LLMs are at their best when you have an expectation for their output. I generally know the shape of the correct response and that allows me to evaluate it's output on it's "vibes", rather than line by line. If there's no expectation then I have to take everything at face value and now I'm at the mercy of the machine.

Exactly, if I generate a large chunk software, I'm going to have expectations about what it will do, how it will do it, etc. You don't just accept the statement that "it's done" for fact but you start looking for evidence.

A scientific approach here is to look to falsify the statement. You start asking questions, running tests, experiments, etc. to prove the notion that it is done wrong. And at some point you run out of such tests and it's probably done for some useful notion of done-ness.

I've built some larger components and things with AI. It's never a one shot kind of deal. But the good news is that you can use more AI to do a lot of the evaluation work. And if you align your agents right, the process kind of runs itself, almost. Mostly I just nudge it along. "Did you think about X? What about Y? Let's test Z"

> Mostly I just nudge it along. "Did you think about X? What about Y? Let's test Z"

Exactly - you need to constantly have your sceptics glasses on and you need to be exacting in terms of the structure you want things to follow. Having and enforcing "taste" is important and you need to be willing to spend time on that phase because the quality of the payoff entirely depends on it.

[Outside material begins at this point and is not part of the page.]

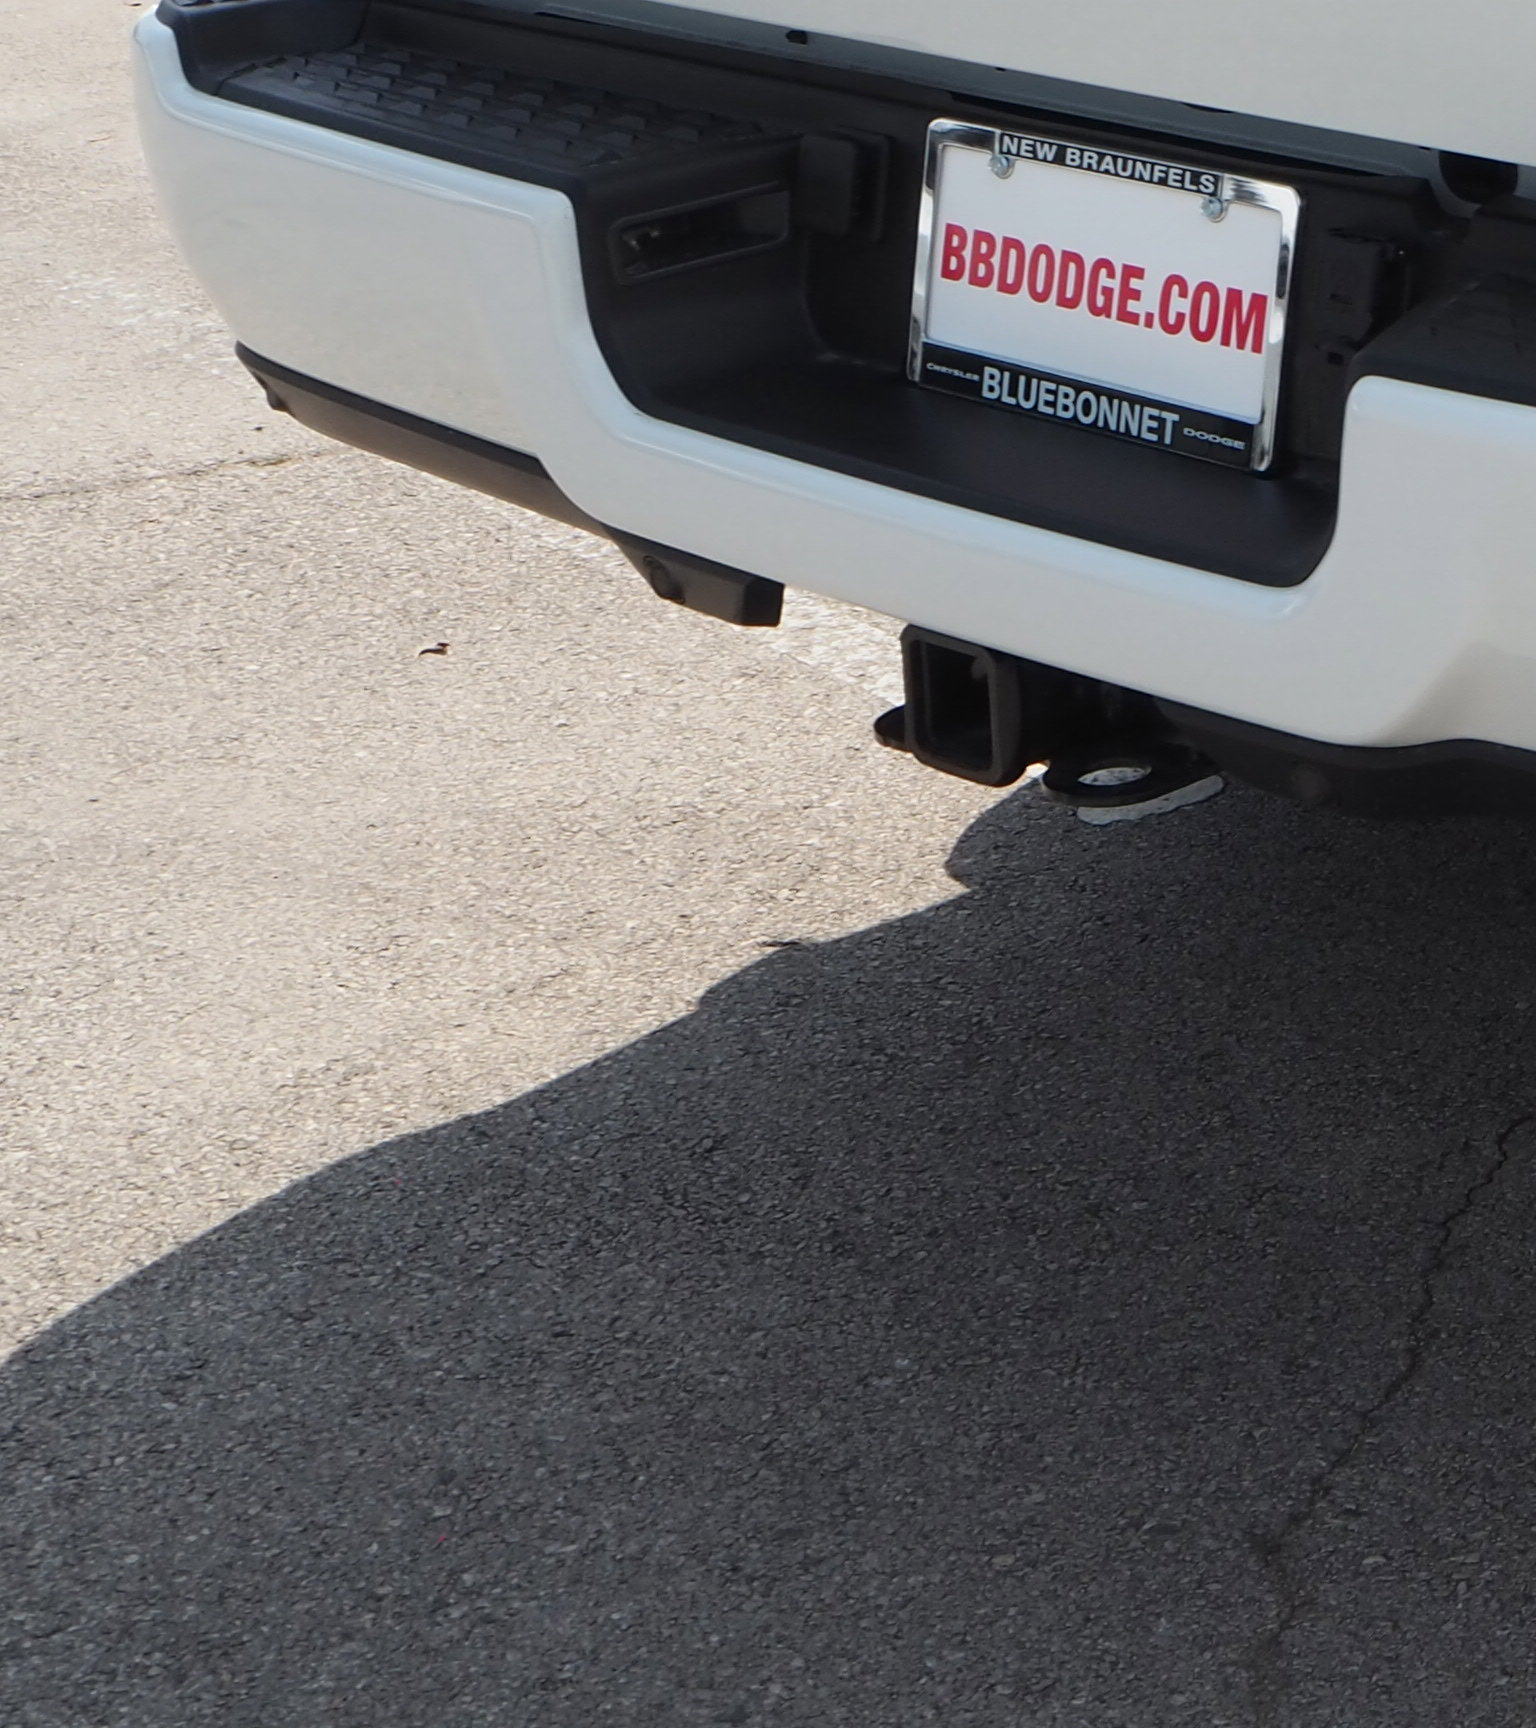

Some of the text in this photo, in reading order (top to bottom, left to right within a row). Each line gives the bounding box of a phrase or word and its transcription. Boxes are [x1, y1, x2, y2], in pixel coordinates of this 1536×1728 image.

[1002, 135, 1216, 194] NEW BRAUNFELS
[940, 222, 1269, 355] BBDODGE.COM
[926, 362, 1246, 450] CHRYSLER BLUEBONNET DODGE

I recently planned for a major refactor. The discussion with claude went on for almost two days. The actual implementation was done in 10 minutes. It probably has made some mistakes that I will have to check for during the review but given that the level of detail that plan document had, it is certainly 90-95% there. After pouring-in of that much opinion, it is a fairly good representation of what I would have written while still being faster than me doing everything by hand.

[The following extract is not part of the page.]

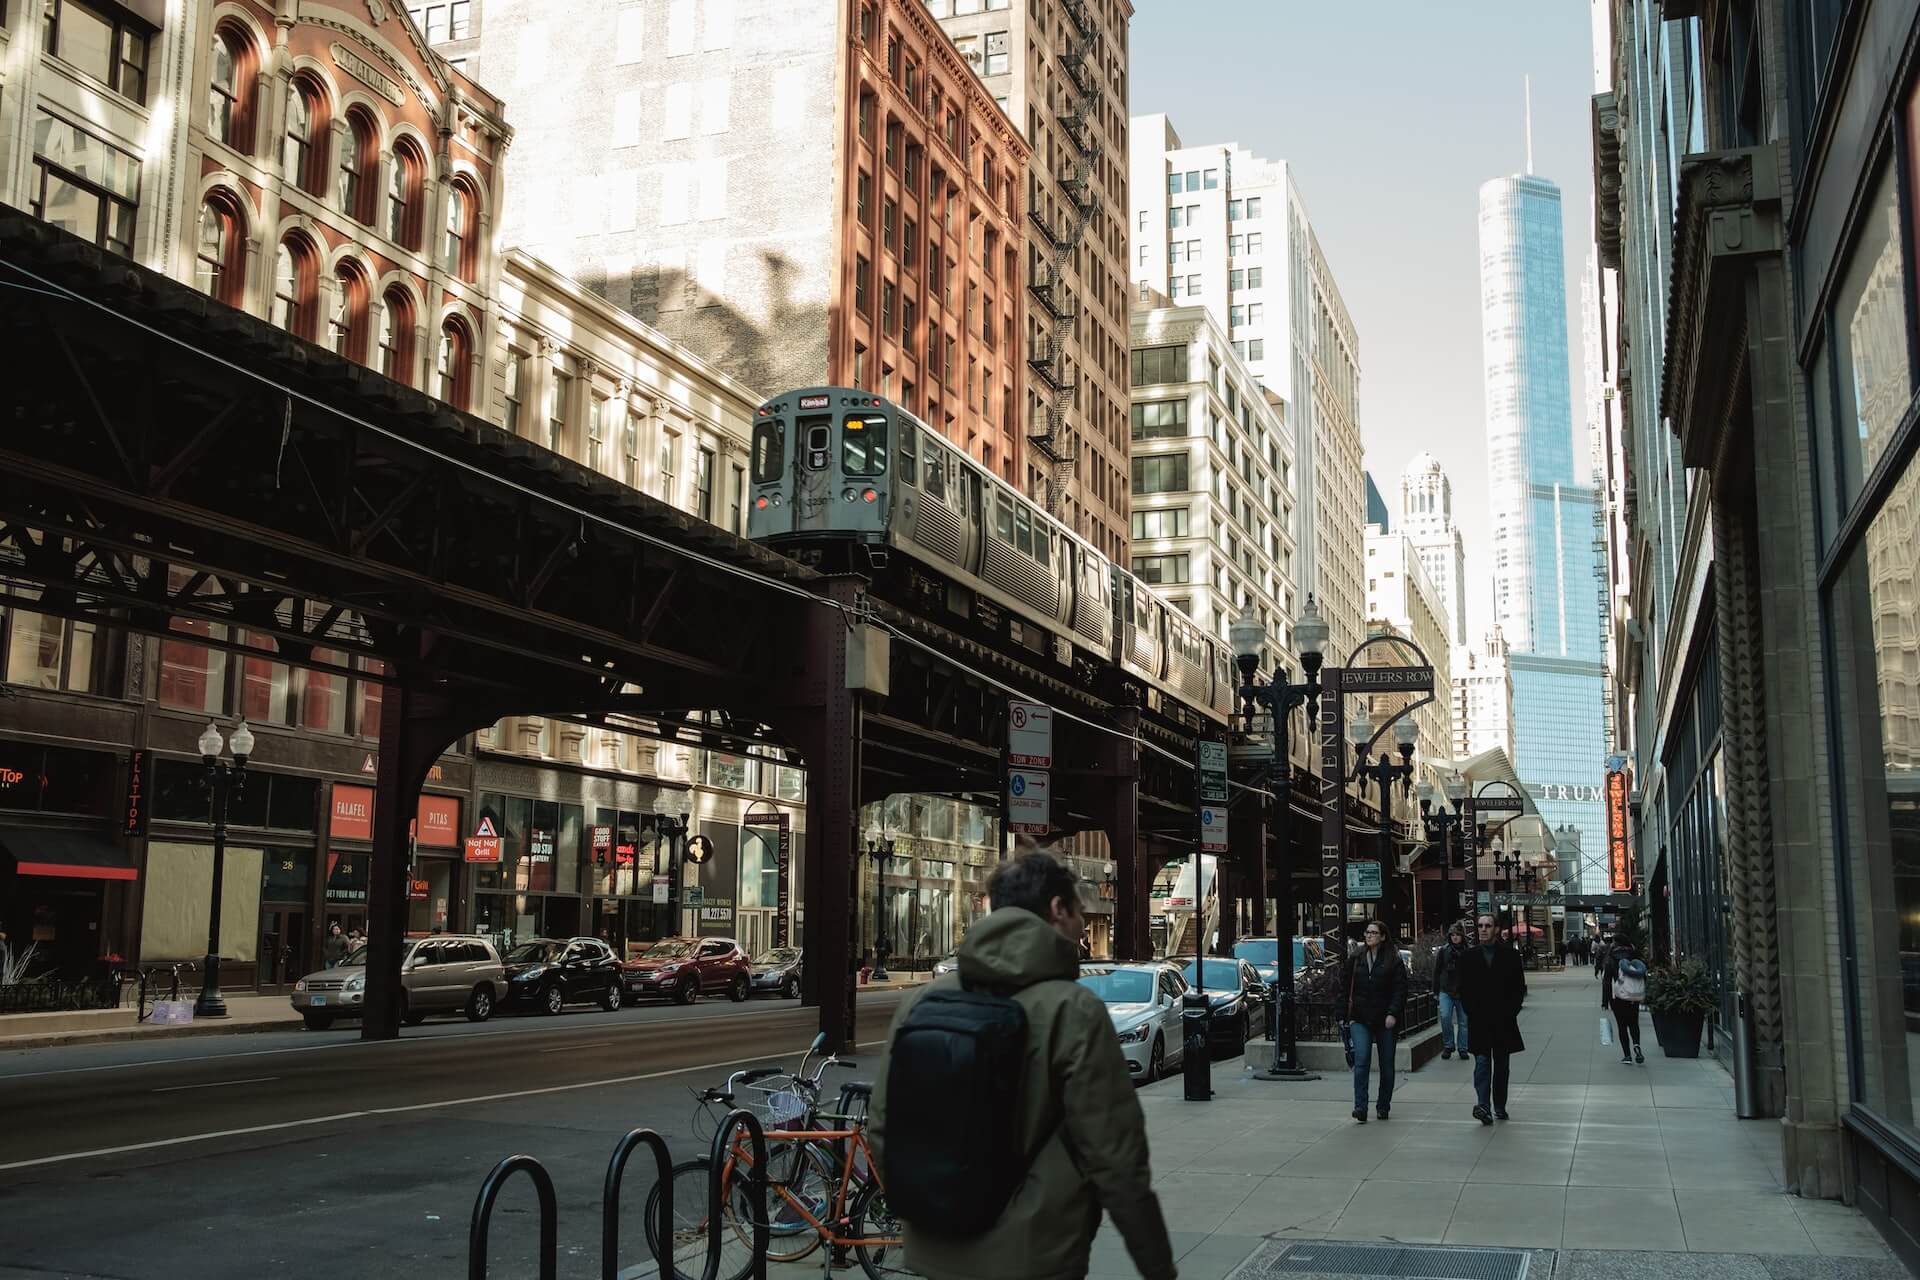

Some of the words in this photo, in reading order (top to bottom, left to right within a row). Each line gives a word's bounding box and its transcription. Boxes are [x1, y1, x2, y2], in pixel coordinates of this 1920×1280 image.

So you have to know the answer and also be an expert in the problem domain?

In my experience you need exactly what you said, and I would add that he probably would have spent half day to do the refactoring himself and it would be sure he did right.

I can speak towards building large-scale systems from scratch with these tools. I've been working since late last year on a project that was barely a tech demo, and the progression of development on that project has seen me go from leveraging co-pilot autocomplete at the start, to full-on vibecoding 100% of the new additions.

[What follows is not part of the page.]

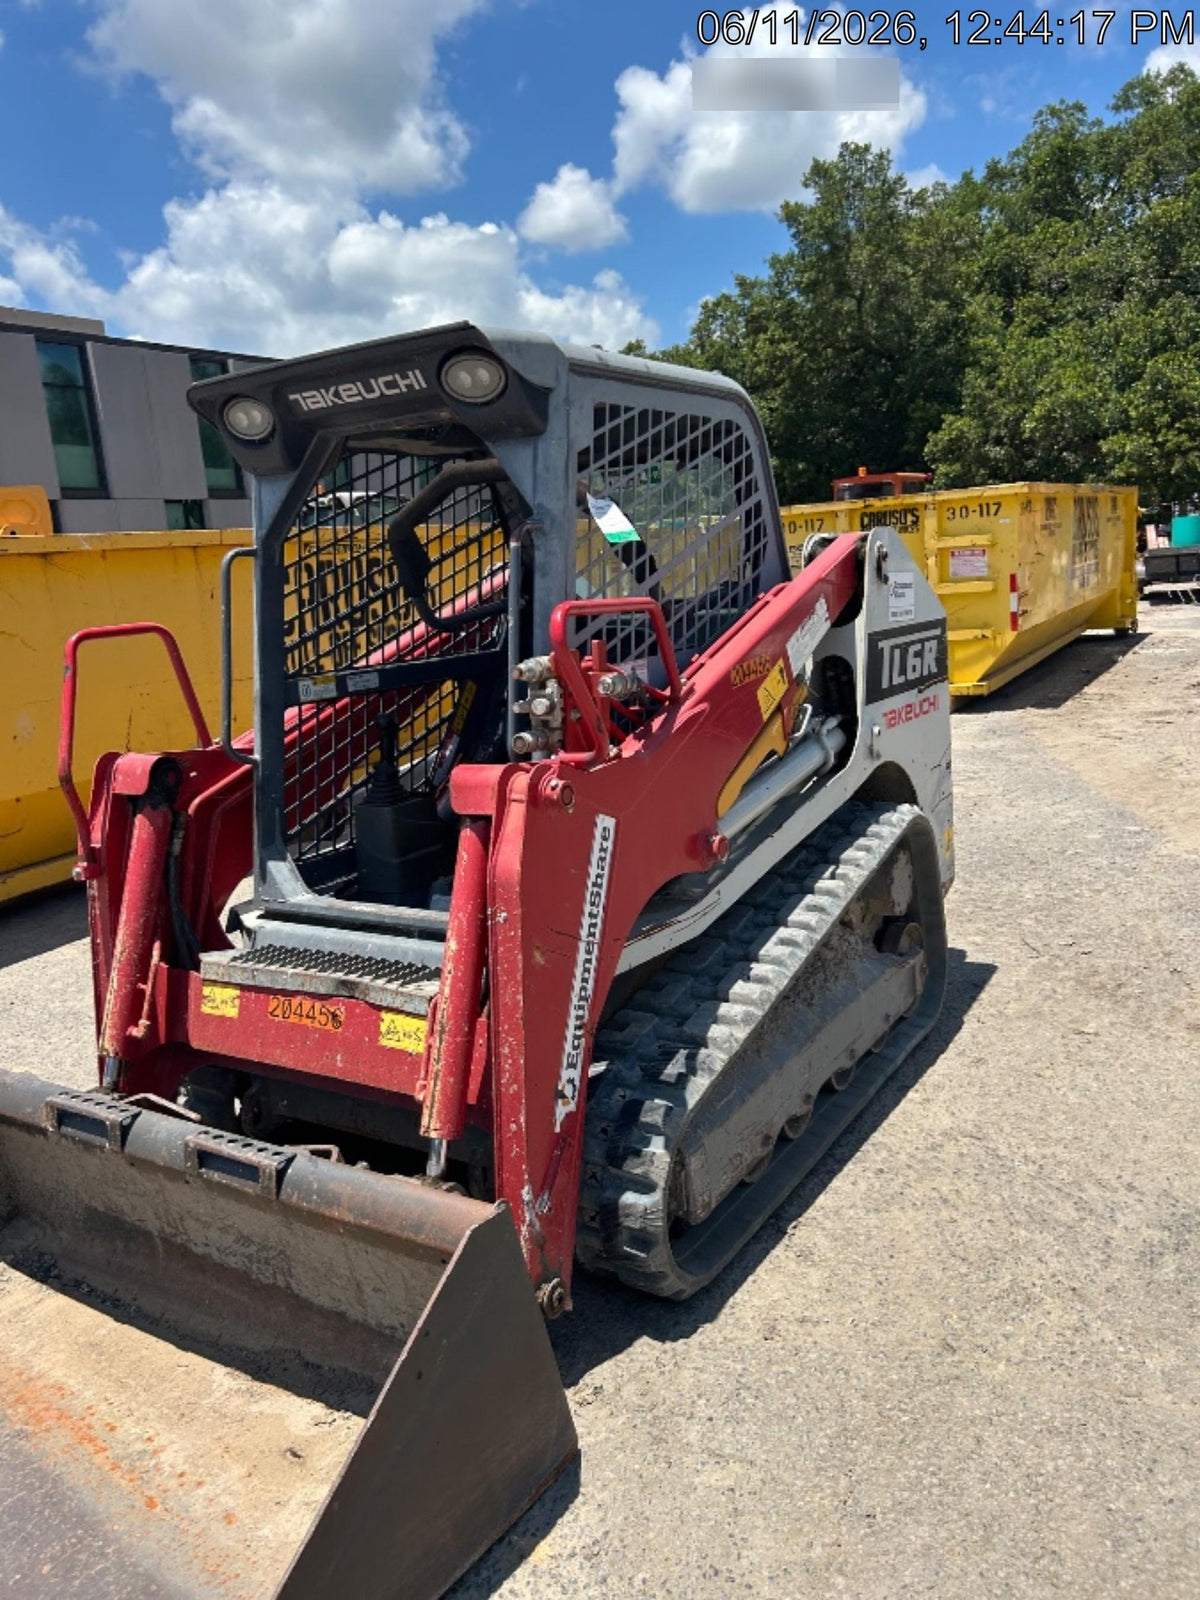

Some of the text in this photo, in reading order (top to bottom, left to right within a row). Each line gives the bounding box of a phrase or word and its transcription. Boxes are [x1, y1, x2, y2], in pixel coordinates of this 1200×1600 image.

I have reasonable eng chops I'd like to think - I have been a senior IC for a while on a reasonably diverse set of challenging systems problems and built out some pretty large-scale pieces of software the old "artisinal" way.

This particular project is a productization of some ideas I had for leveraging a virtual machine to execute high-divergence parallel logic on GPUs, in an effort to move complex things like "unit behaviour in games" (the classical symbolic kind, not NN-based unit behaviour) into the GPU. The project is going well but still quite a ways from release. But it's at about 300k lines of code now across 9 or so rust repositories, and a smattering of typescript on the frontend.

I have had stumbles, but overall I feel I have put together some good strategies and principles for pushing large projects along with these tools in an effective way.

The biggest takeaway for me is that the "feel" is different. Software construction by hand felt like building legos where you put the pieces together yourself. A lot of my focus would be on building and solidifying core components so I could rely on them when I stepped up to build higher-level components. Projects would get mired quickly if you didn't solidify your base.

With agentic development, one of the early challenges I ran into was this issue with something I'll call "oversight inception". It's when at some early point in the process a somewhat low-importance decision is made - an implementation decision, a decision to say.. align a test with the implementation rather than an implementation with a test.

Then, as you build more on top of this, that small decision somehow ends up getting reified into a core architectural policy that then cascades up.

You realize that when you're building a big project, the focus on some particular component is backstopped by a general understanding of local development directionality with respect to the larger level project. And the agent has no idea of directionality.

So small chinks in the design end up getting magnified and blown up as the dev process proceeds, and later on review you find major architectural pieces have just been overlooked, all flowing from some small incidental implementation choice a long time before.

This is one among a number of issues, but it's a big one. Once I saw it happening I tried an approach to mitigate it by developing a set of golden "goal" documents that describe directionality at the project level: what you are working towards and what design components need to exist.

This doesn't eliminate the "oversight inception" issue, but it does catch them earlier.

When I started applying the goal documentation aggressively to re-align the project implementation direction, I found velocity dropped a lot.

And as I progress, I'm balancing this out a bit - to allow the system to diverge a bit, but force reconvergence towards the goals at some specific cadence. I haven't found the right candence yet but I'm getting there.

This new style of development feels more like claymoulding pottery than lego assembly. You sort of "get it into shape". It's a very interesting new set of process assumptions.

I agree, but I would add that they can be very useful even if you do not have clear expectations but have some solid ways to verify their claims. Often in doing this verification I came up with new ideas.